Leaders Who Say ‘My Door Is Always Open’ Often Have The Least Honest Feedback In The Building.
“My Door Is Always Open.”
It’s one of the most repeated phrases in Kenyan workplaces.
It’s also, very often, one of the most dishonest.
Not because the leader is lying. But because they genuinely believe it. They’ve said it so many times they’ve mistaken the invitation for the outcome. They think that because they are approachable, people are approaching them. They think because they’ve created an open-door policy, honest feedback is flowing freely through it.
It isn’t.
I’ve sat across from enough CEOs, MDs, and senior leaders to recognise a pattern that nobody in the room ever says out loud.
The higher you rise, the less truth you receive.
Not because your team doesn’t see the problems. They see them clearly, sometimes before you do. The missed targets. The toxic team lead you keep defending. The strategy that made sense on paper but is falling apart in execution. The culture that looks fine in town halls but is quietly bleeding talent.
They see it. They talk about it with each other, in WhatsApp groups, over lunch, in parking lots after long meetings.
Just not with you.
And if you’re a leader who believes your team is comfortable telling you hard truths, ask yourself this, when last did someone walk through that open door and tell you something that genuinely surprised you?

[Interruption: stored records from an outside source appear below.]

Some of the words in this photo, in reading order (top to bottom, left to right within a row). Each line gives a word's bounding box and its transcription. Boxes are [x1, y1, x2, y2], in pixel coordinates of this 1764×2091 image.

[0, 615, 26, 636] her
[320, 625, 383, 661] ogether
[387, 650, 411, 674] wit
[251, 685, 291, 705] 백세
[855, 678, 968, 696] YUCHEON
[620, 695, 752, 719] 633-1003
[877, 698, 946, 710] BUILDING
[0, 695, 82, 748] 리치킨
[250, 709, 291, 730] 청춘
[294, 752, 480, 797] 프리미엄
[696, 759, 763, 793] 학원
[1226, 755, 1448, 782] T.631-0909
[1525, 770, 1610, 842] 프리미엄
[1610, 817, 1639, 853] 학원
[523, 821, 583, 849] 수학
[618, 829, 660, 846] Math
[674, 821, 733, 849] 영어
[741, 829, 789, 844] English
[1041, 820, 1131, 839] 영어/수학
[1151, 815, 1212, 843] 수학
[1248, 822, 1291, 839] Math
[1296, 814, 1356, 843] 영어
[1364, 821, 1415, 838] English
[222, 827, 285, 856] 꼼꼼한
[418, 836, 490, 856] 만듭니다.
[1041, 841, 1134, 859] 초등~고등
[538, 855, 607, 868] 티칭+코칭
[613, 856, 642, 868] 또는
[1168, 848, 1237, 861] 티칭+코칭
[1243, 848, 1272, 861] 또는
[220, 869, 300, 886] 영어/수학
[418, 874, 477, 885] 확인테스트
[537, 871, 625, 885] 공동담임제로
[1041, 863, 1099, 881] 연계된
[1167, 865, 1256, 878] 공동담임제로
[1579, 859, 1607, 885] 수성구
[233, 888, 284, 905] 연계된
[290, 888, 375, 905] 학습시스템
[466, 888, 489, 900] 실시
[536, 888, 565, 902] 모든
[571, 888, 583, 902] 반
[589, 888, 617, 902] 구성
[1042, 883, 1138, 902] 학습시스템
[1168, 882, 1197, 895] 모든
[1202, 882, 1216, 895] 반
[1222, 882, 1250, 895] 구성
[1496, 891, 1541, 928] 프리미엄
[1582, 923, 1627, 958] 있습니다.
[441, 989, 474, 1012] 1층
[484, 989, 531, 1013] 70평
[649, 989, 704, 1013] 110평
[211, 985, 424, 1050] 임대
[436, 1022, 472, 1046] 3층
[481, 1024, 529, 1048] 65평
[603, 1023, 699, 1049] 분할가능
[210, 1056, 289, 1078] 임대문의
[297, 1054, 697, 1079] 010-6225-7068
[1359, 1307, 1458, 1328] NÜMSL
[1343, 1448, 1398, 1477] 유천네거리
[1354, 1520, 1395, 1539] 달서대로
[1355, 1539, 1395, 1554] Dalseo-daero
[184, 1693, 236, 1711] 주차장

When last did a team member push back on your idea in a meeting, not just nod along and raise concerns privately afterward?
If you’re struggling to remember, that’s your answer.

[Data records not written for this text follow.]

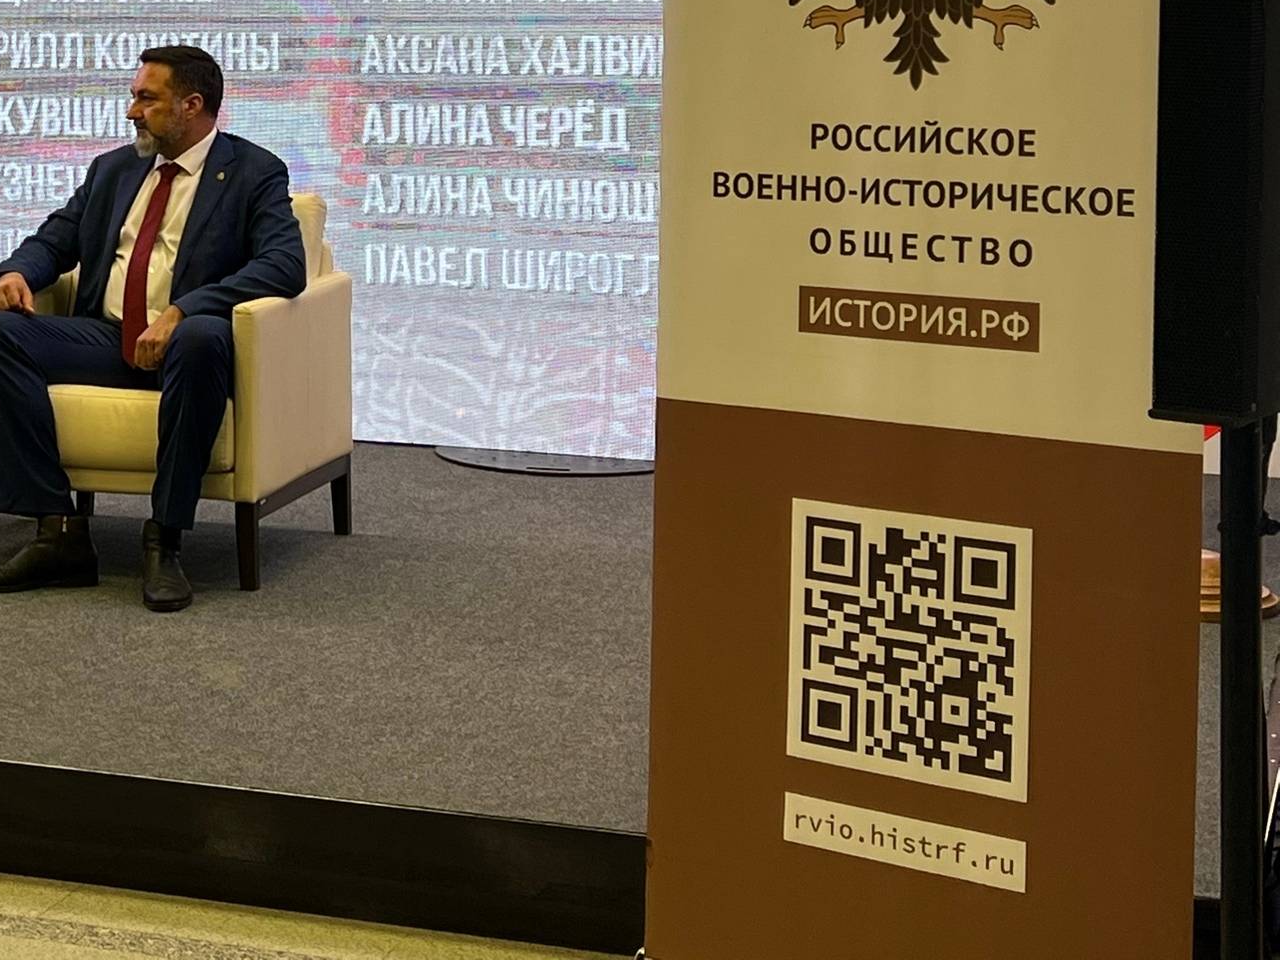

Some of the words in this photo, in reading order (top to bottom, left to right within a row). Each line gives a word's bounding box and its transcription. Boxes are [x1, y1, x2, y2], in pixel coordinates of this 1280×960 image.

[361, 34, 509, 75] АКСАНА
[362, 103, 493, 146] АЛИНА
[503, 99, 630, 151] ЧЕРЁД
[810, 121, 1036, 157] РОССИЙСКОЕ
[363, 173, 494, 217] АЛИНА
[712, 172, 1135, 217] ВОЕННО-ИСТОРИЧЕСКОЕ
[364, 244, 489, 289] ПАВЕЛ
[809, 227, 1033, 268] ОБЩЕСТВО
[808, 296, 1030, 341] ИСТОРИЯ.РФ
[795, 812, 1014, 875] rvio.histrf.ru
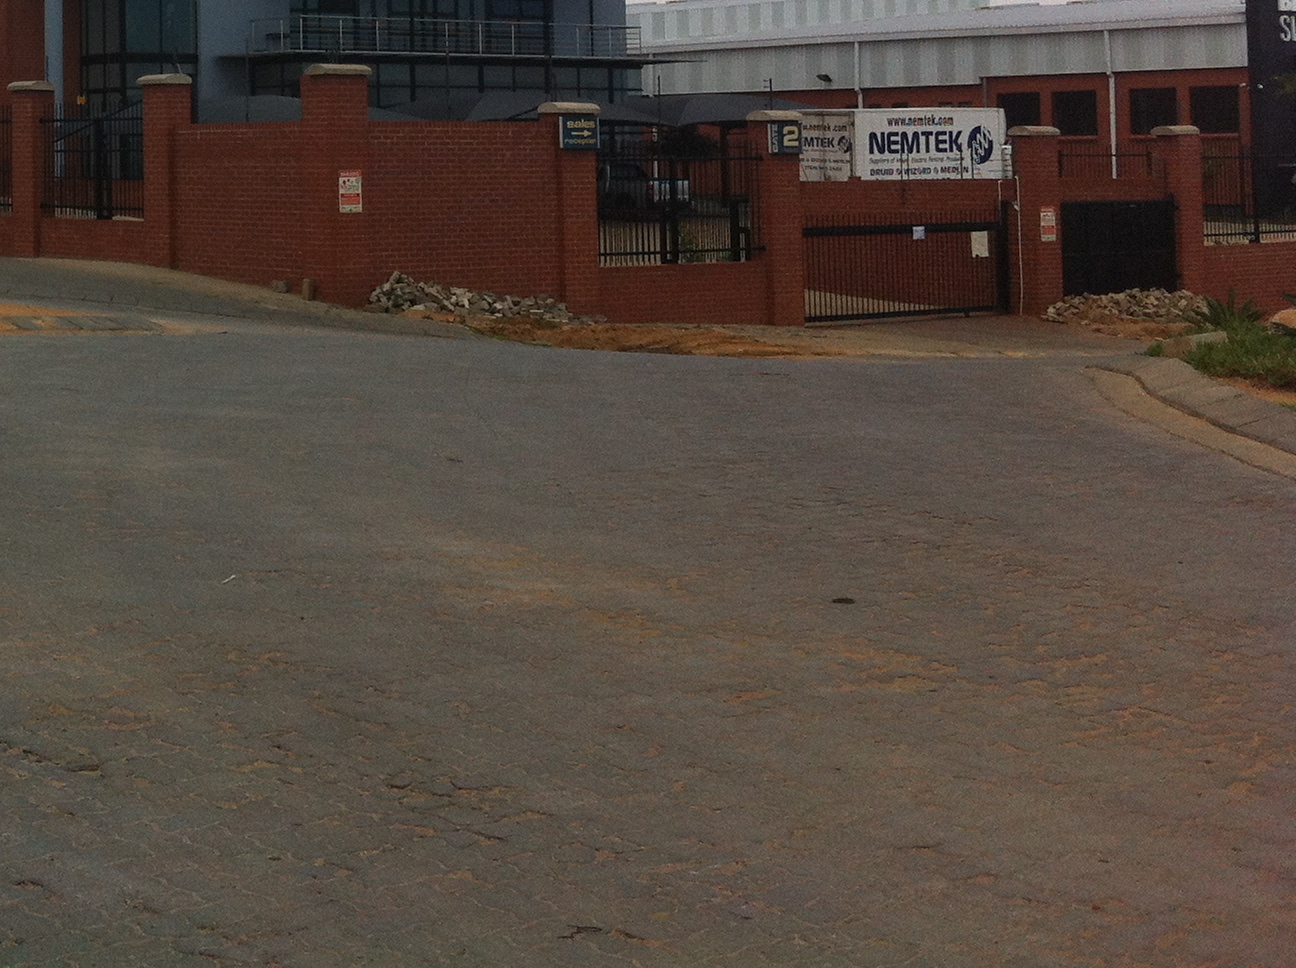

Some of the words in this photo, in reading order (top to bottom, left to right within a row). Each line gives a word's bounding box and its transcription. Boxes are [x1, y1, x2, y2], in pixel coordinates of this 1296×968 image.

[566, 118, 596, 129] sales
[887, 115, 954, 127] www.nemtek.com
[782, 125, 800, 147] 2
[803, 136, 835, 148] MTEK
[869, 131, 963, 154] NEMTEK
[870, 168, 894, 176] DRUID
[940, 166, 969, 174] MERLN

Here is why the open door doesn’t work the way you think it does.
Psychological safety is not created by availability. It is created by track record.
Your team is not watching whether your door is open. They are watching what happens when someone walks through it with bad news. They are watching whether the messenger gets shot. They are watching whether you actually act on feedback or smile, thank them, and proceed exactly as planned. They are watching whether the people who challenge you get quietly sidelined while the ones who agree with everything keep getting promoted.
They have been watching for a long time. And they have drawn conclusions you don’t know about.
The most dangerous leader in any organization is not the one who is aggressive or unapproachable.
It’s the one who is warm, likeable, and completely insulated from reality, surrounded by people who have learned that agreeing is safe and honesty is risky.
These leaders make decisions based on incomplete information and call it strategy. They’re blindsided by resignations they never saw coming. They lose their best people to competitors and genuinely don’t understand why. They run engagement surveys, get average scores, and wonder what’s missing, never realizing the survey itself was answered with the same careful dishonesty as every other interaction.
This is not a small problem. In my experience placing talent and working with organizations across Kenya, culture rot almost always starts here, at the top, in the silence that polite leadership accidentally creates.
So what does honest feedback actually require?
It requires you to stop waiting for people to come to you and start going to them, on their terms, in their spaces, with genuine curiosity and without your title filling the room.
It requires you to reward the person who delivers uncomfortable news, visibly and publicly, so the rest of the team learns that truth is safe here.
It requires you to act on what you hear even partially so that feedback doesn’t feel like a performance exercise.
And it requires a level of personal humility that is genuinely rare at senior levels. The humility to accept that your perception of your leadership and your team’s experience of it may be two completely different realities.
The open door is a good start. But it was never enough.
If you want the truth, you have to make truth-telling safer than silence.
Because right now, in most organizations, silence is winning.